High-fat diet during pregnancy contributes to offspring's increased weight

SAN FRANCISCO-- Exposure to a high-fat diet in the womb and after birth can permanently change the cells in the brain that control food intake, predisposing monkeys to overeating and an increased preference for fatty and sugary foods, a new study finds. The results were presented Monday at The Endocrine Society's 95th Annual Meeting in San Francisco.

The study, funded by the National Institutes of Health's National Institute of Diabetes and Digestive and Kidney Diseases, also found that male offspring of maternal monkeys that ate a high-fat diet had increased body weight, compared with the offspring of mothers that ate a low-fat diet.

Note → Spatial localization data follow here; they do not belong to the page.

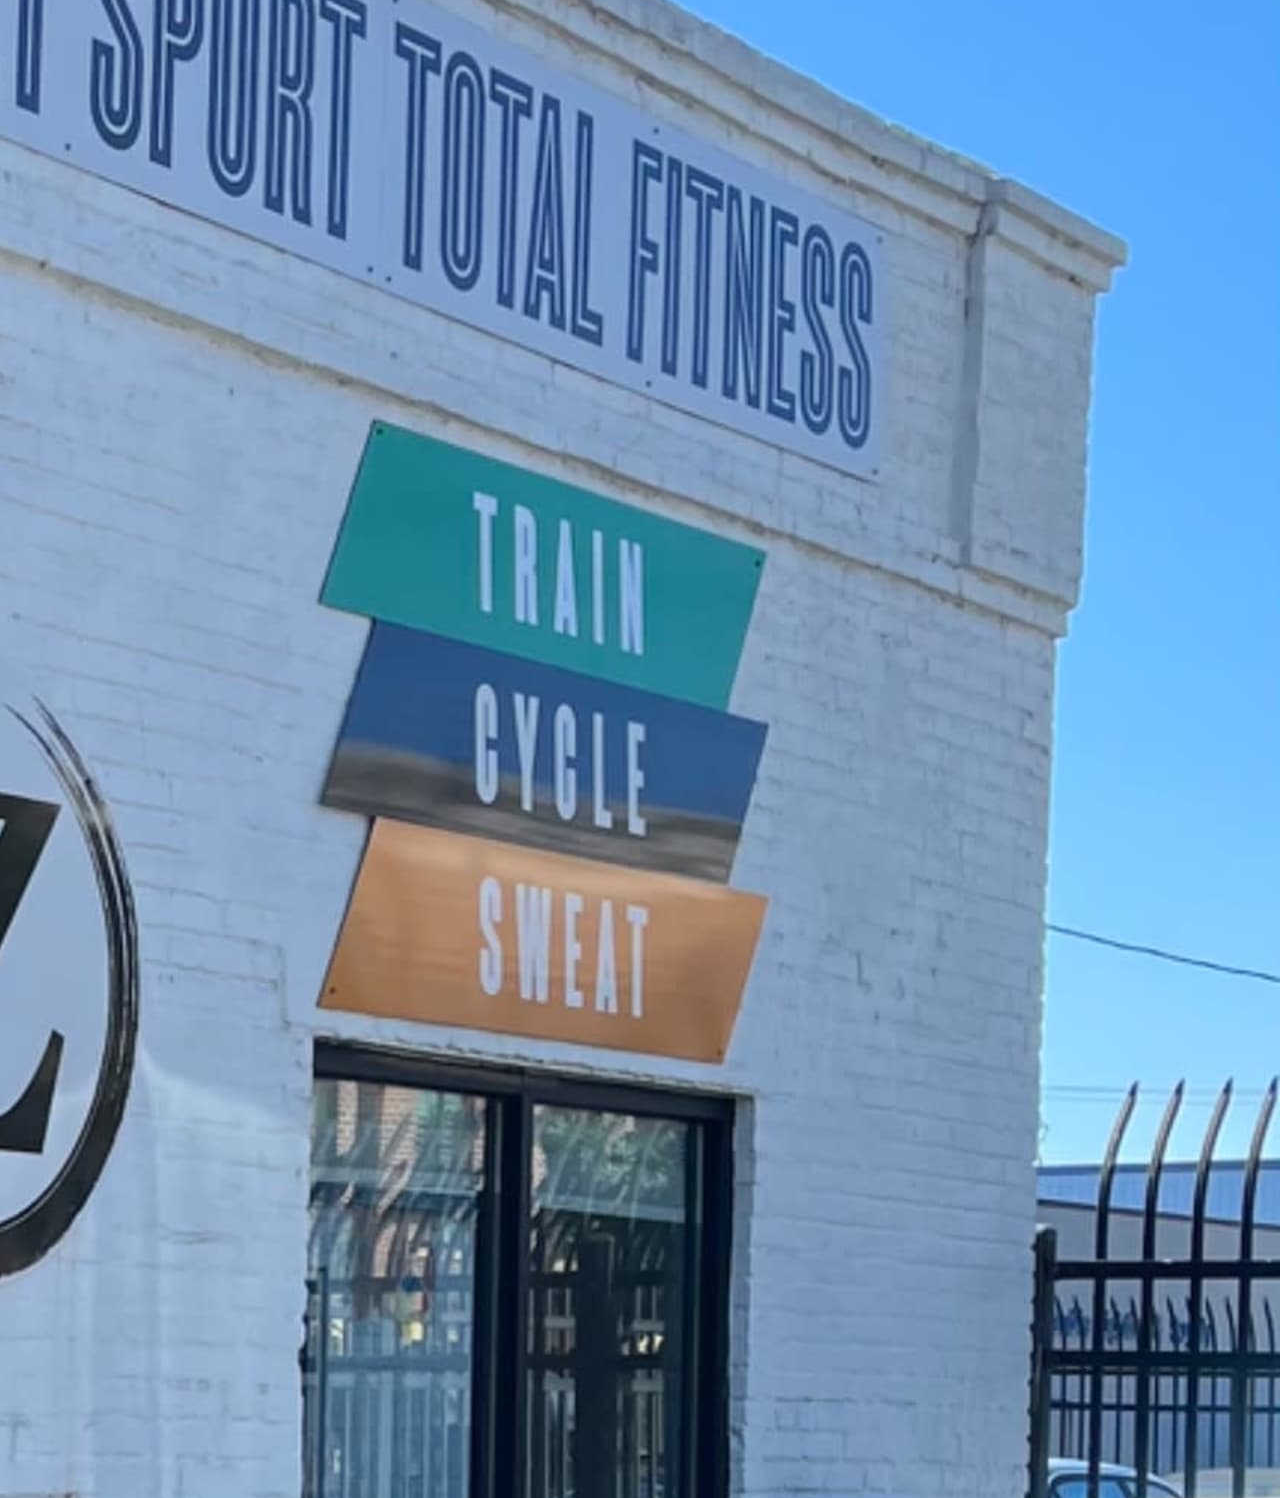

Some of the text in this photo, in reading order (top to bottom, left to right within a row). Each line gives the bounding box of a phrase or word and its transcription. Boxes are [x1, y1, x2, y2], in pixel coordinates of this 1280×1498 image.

[395, 21, 604, 348] TOTAL
[627, 139, 873, 449] FITNESS
[473, 492, 644, 655] TRAIN
[474, 683, 647, 836] CYCLE
[479, 877, 648, 1018] SWEAT
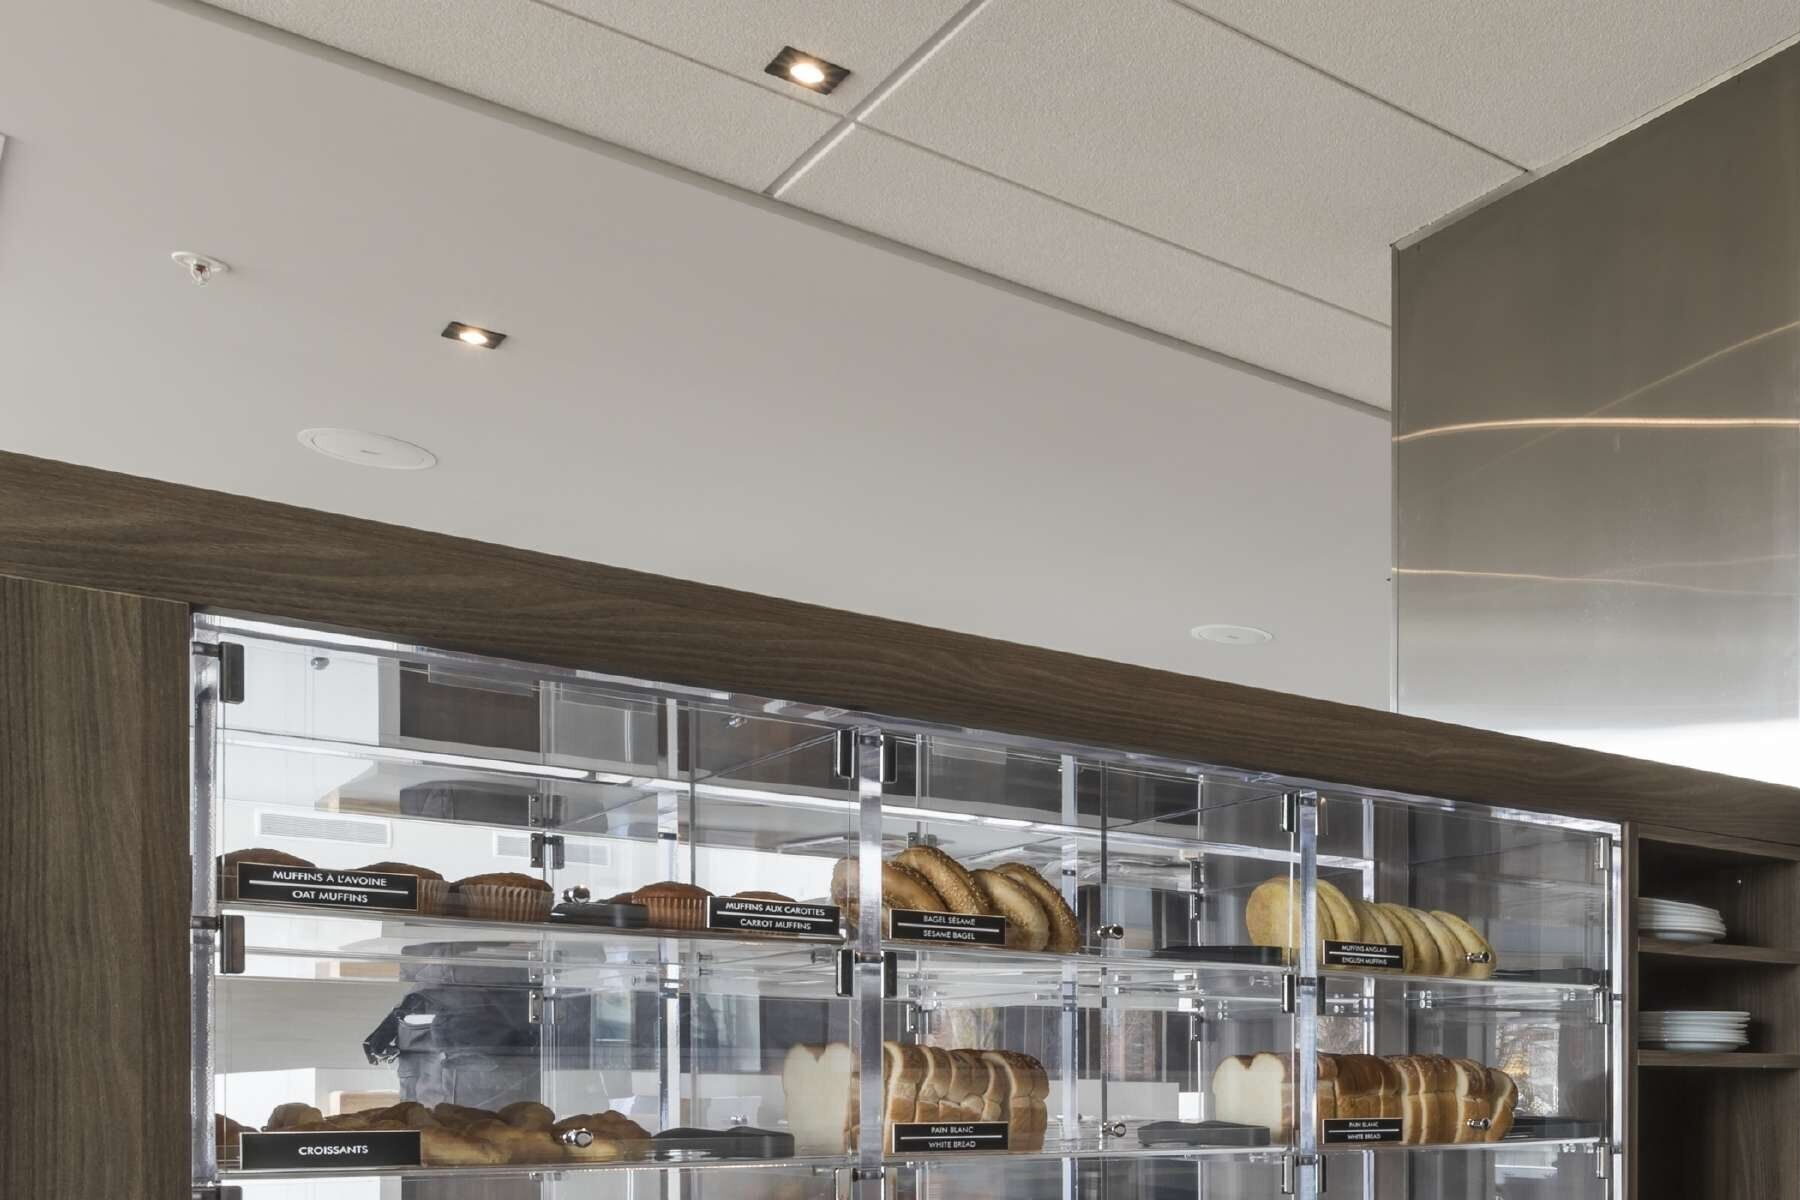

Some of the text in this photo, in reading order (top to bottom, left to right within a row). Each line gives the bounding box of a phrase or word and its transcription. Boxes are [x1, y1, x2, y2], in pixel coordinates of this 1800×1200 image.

[272, 870, 324, 882] MUFFINS
[338, 874, 388, 887] L'AVOINE
[292, 890, 369, 904] OAT MUFFINS
[725, 902, 825, 916] MUFFINS AUX CAROTTES
[740, 919, 811, 930] CARROT MUFFINS
[923, 915, 946, 924] BAGEL
[952, 931, 976, 940] BAGEL
[931, 1125, 974, 1134] PAIN BLANC
[928, 1140, 976, 1149] WHITE BREAD
[298, 1145, 369, 1156] CROISSANTS
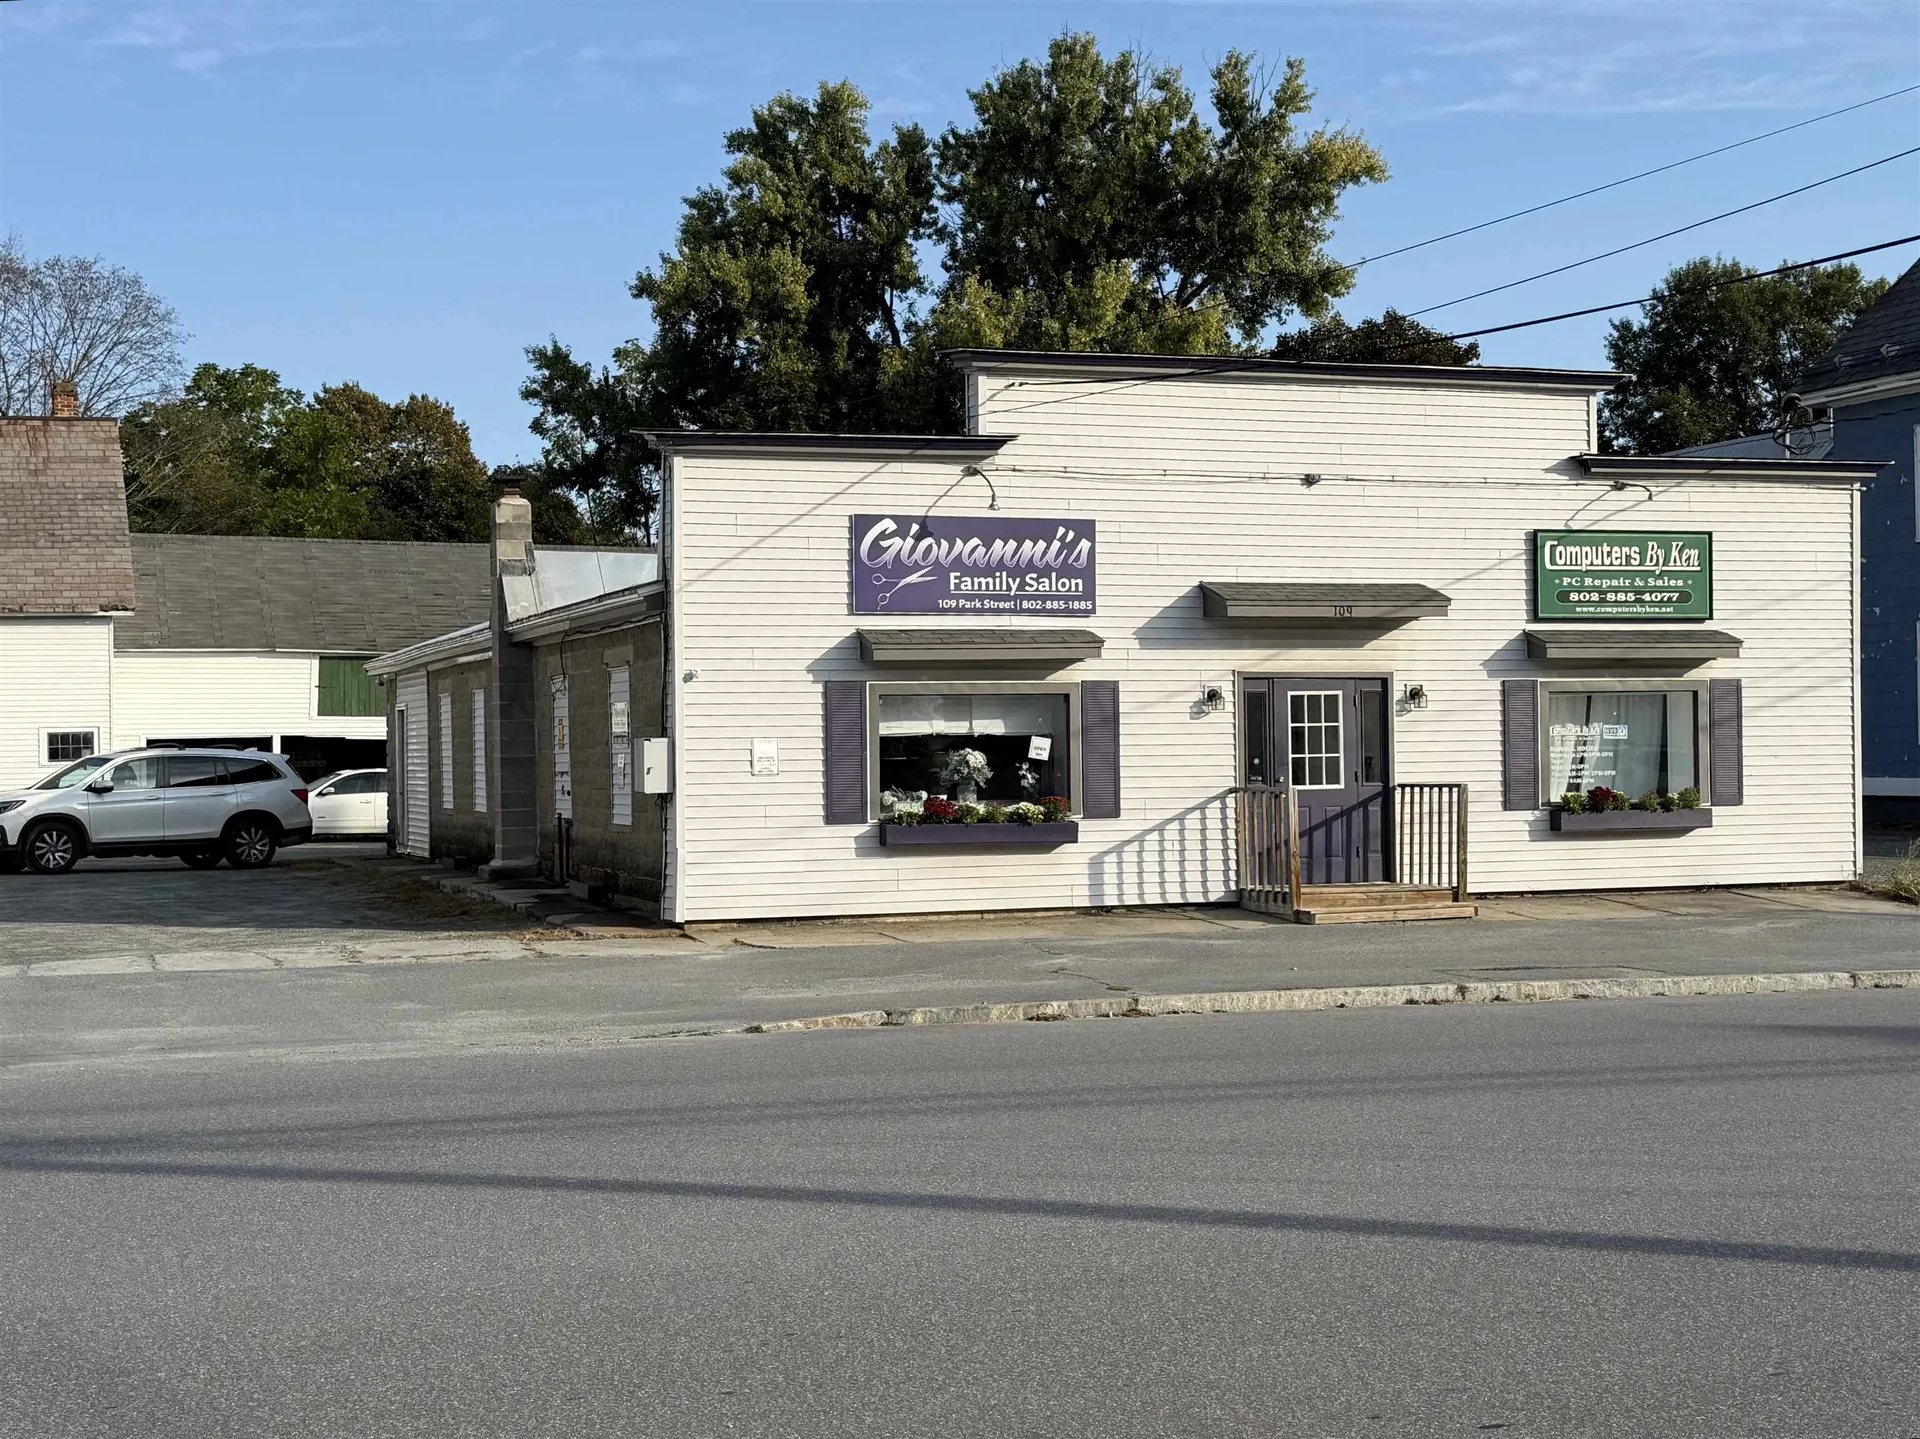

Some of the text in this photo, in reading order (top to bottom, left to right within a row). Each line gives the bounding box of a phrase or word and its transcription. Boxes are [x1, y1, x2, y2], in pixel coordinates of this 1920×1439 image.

[860, 517, 1092, 569] Giovanni's
[1544, 540, 1700, 575] Computers By Ken
[950, 571, 1083, 596] Family Salon
[1562, 577, 1684, 588] PC Repair & Sales
[1569, 592, 1680, 602] 802-885-4077
[938, 599, 1093, 610] 109 Park Street 802-885-1885
[1334, 605, 1353, 619] 109

"Studies in humans have demonstrated that maternal obesity during pregnancy is a strong determinant of offspring body mass index, or BMI," said the study's lead author, Juliana Gastao Franco, PhD, a postdoctoral fellow at Oregon Health and Science University.

"Our group demonstrated that consumption of a high-fat diet during gestation alters fetal development of neurons that control food intake, ultimately leading to an increased preference for high-calorie food and to increased body fat in the offspring."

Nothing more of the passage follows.